The CX-7 and the CX-9 are already on the road and doing well across the world, but the CX-5 will give Mazda a sharp new contender in the compact soft-roader class against the Honda CR-V and Toyota RAV4.
The Kazamai — it means ‘‘swirling crosswinds’’ in Japanese — will be revealed next month at the Moscow International Automobile Salon.
Press information says the Kazamai design is intended to be ‘‘spirited and fun to drive, with compact dimensions’’.
‘‘The concept’s four-wheel-drive Mazda powertrain will consist of a next-generation direct-injection engine and a newly developed transmission. It is also aerodynamically efficient, with an evolved lightweight and robust body structure that contributes to the vehicle’s dynamics and safety,’’ Mazda says.
‘‘If it were to be built, Mazda’s latest showcar would deliver exciting driving dynamics, frugal fuel consumption and greatly reduced CO2 emissions.’’
The mechanical platform for a CX-5 would come from the Ford Kuga, a RAV4 rival that is already selling well in Europe. It has the allwheel-drive system that Mazda wants for a production version of the Kazamai.
The direct-injection engine fitted to the concept car could be either petrol or diesel. Mazda is looking at both and has already developed diesels for its Mazda3 and Mazda6 to boost sales in Europe.
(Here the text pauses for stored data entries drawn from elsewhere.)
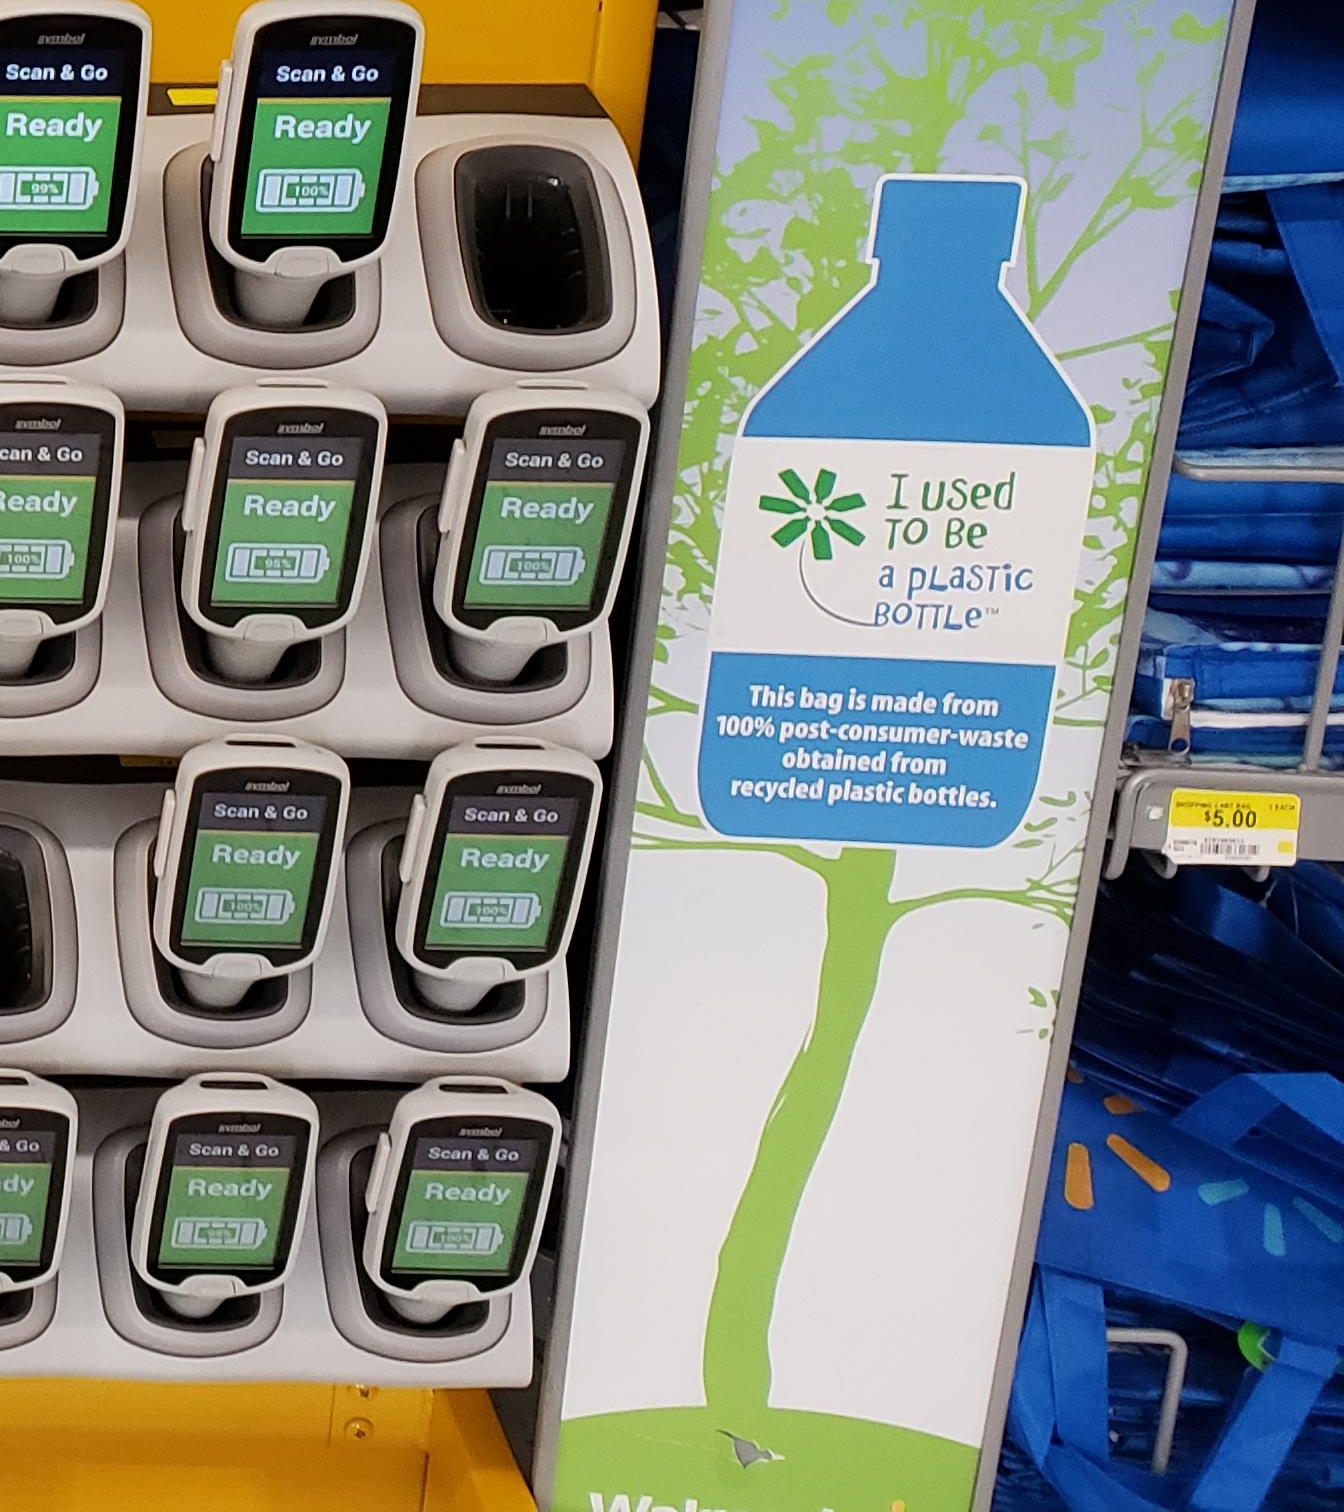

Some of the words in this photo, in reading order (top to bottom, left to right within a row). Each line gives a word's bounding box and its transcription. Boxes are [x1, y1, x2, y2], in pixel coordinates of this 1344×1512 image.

[6, 64, 55, 80] Scan
[60, 65, 74, 80] &
[81, 65, 108, 80] Go
[276, 66, 326, 82] Scan
[331, 66, 345, 82] &
[352, 66, 379, 81] Go
[6, 112, 103, 142] Ready
[275, 114, 372, 144] Ready
[37, 447, 50, 461] &
[57, 447, 82, 461] Go
[246, 451, 292, 465] Scan
[298, 451, 311, 465] &
[318, 452, 344, 465] Go
[506, 453, 552, 467] Scan
[558, 453, 571, 467] &
[577, 454, 603, 467] Go
[886, 473, 909, 510] I
[244, 495, 336, 522] Ready
[501, 497, 594, 523] Ready
[879, 565, 894, 588] a
[750, 685, 795, 708] This
[800, 688, 842, 715] bag
[849, 689, 867, 711] is
[871, 690, 937, 714] made
[941, 692, 999, 717] from
[716, 716, 775, 738] 100%
[780, 719, 1029, 750] post-consumer-waste
[782, 748, 885, 773] obtained
[890, 751, 946, 775] from
[730, 778, 823, 805] recycled
[828, 782, 903, 806] plastic
[908, 784, 997, 809] bottles.
[1205, 810, 1256, 828] $5.00
[212, 844, 300, 869] Ready
[461, 848, 550, 872] Ready
[188, 1179, 272, 1200] Ready
[425, 1183, 511, 1205] Ready
The CX-5 would also be expected to come with a DSG-style manu-matic gearbox similar to the ones that have been so successful for Volkswagen and are now also in use by BMW with its M3 and Porsche with its updated 911.
The CX-5 plan is likely to advance from a Kazamai dream to a Zoom-Zoom reality within two years, even if the company is only talking vaguely about its work.
It would lose the 22-inch wheels from the motor show machine and get rear doors.
‘‘There is such potential in the compact SUV market that we want a car here today. If Mazda was to green-light something for production we would do everything we could to get our share,’’ Australian company spokesman Glenn Butler says.